XV

M. Whip était d’autant plus calme qu’il ne doutait pas un seul instant que son ami Jonathan ne marchât derrière M. Bardel et ne fût prêt à lui porter secours.

M. Bardel, lui, avait été un moment épouvanté, non pour lui, mais pour l’enfant qu’il croyait sauvé et qui allait être certainement ramené en prison.

Mais il n’avait pas tardé à reprendre son sang-froid.

– Hé ! hé ! lui dit M. Whip, nous favorisons donc les évasions, cher ami, nous éloignons les sentinelles… nous nous faisons jeter des cordes par les maisons voisines ; heureusement que ce bon M. Whip est là… et que…

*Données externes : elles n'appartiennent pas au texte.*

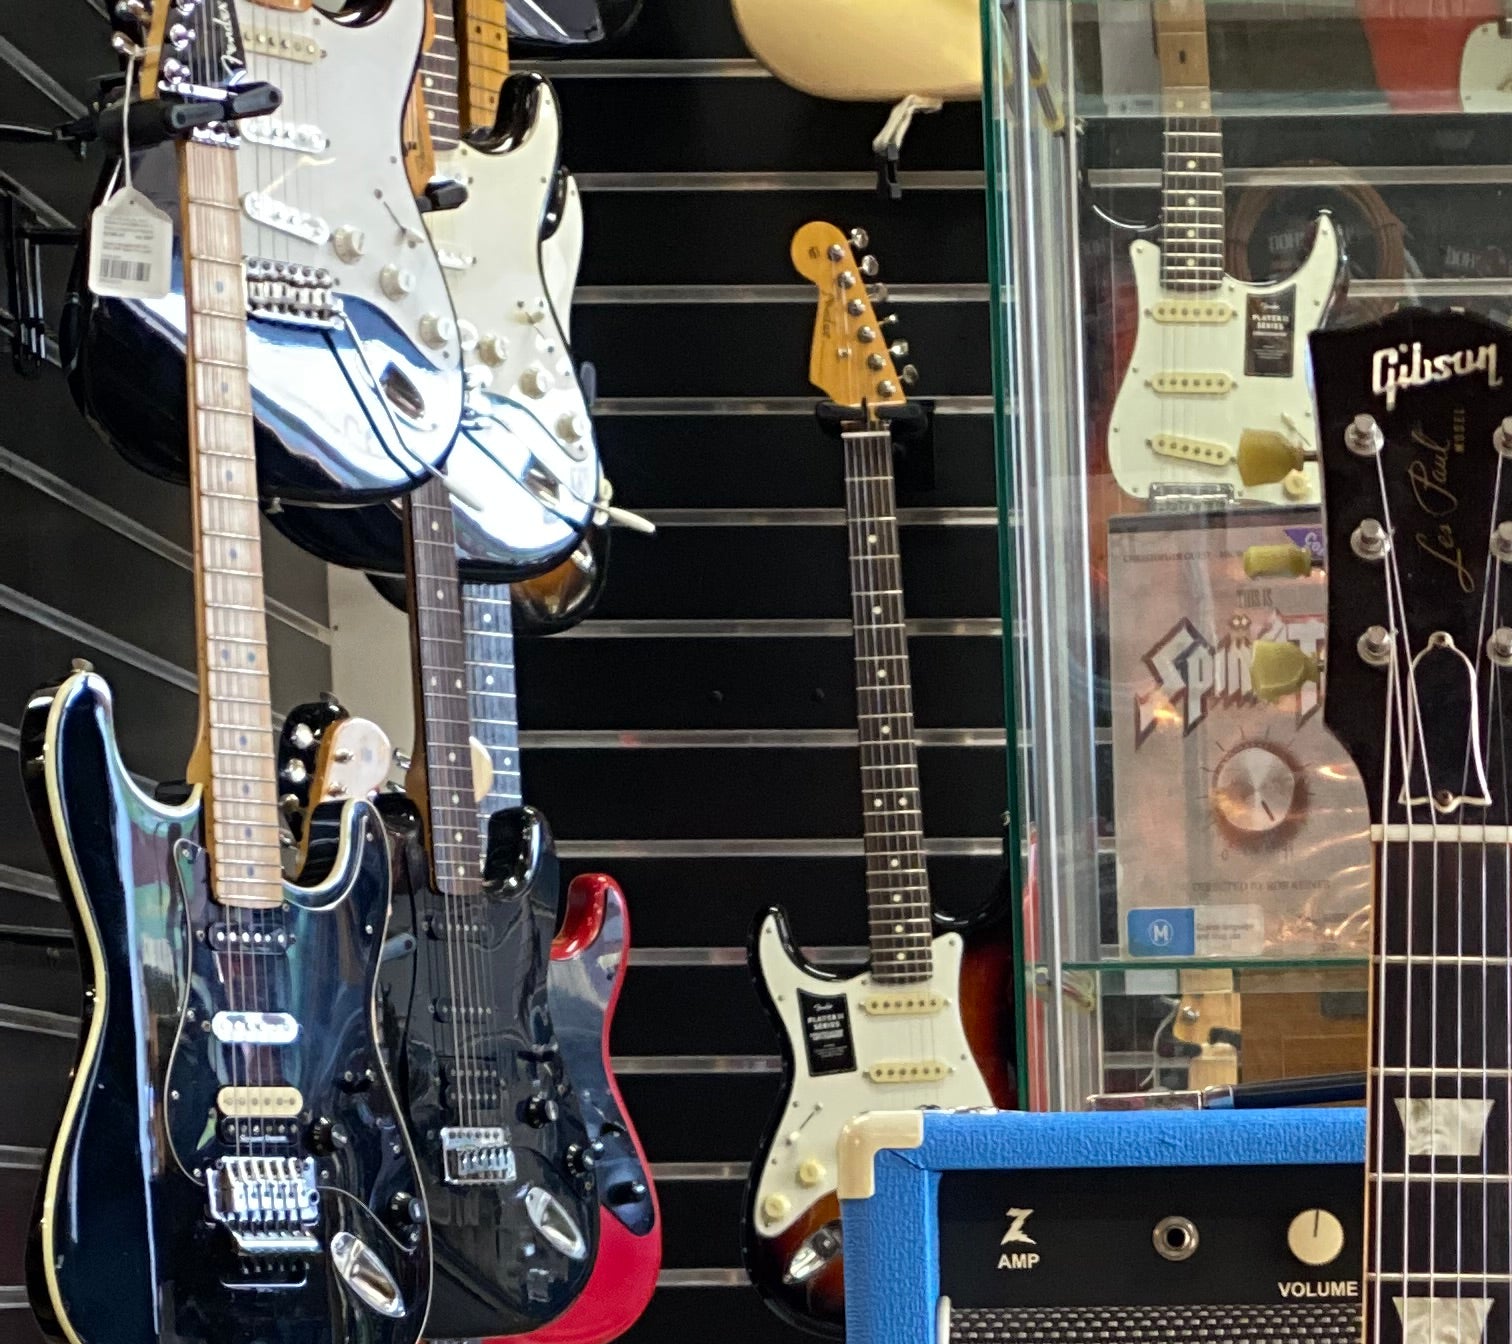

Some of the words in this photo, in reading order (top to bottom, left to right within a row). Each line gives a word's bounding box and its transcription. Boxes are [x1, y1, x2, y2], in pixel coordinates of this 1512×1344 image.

[1372, 341, 1504, 412] Gibson
[1408, 427, 1457, 518] Paul
[1416, 523, 1475, 593] Les
[1236, 588, 1260, 608] THIS
[1261, 588, 1273, 606] IS
[1153, 924, 1169, 941] M
[998, 1252, 1040, 1270] AMP
[1277, 1280, 1359, 1298] VOLUME

M. Whip n’eut pas le temps d’en dire davantage.

M. Bardel, qui était robuste, se jeta sur lui et le saisit à la gorge, disant :

– Tais-toi, misérable, tais-toi !

– À moi, Jonathan, à moi ! hurla M. Whip d’une voix étouffée.

John Colden s’était rué sur lui à son tour.

– Frappe, frappe ! disait M. Bardel et Dieu sauve l’Irlande !

M. Bardel était robuste, John Colden était une manière de géant.

Néanmoins M. Whip fit une résistance désespérée.

La grande préoccupation du gardien-chef et de John Colden était moins de le terrasser que de l’empêcher de crier, car au moindre bruit on pourrait accourir, et alors tout était perdu.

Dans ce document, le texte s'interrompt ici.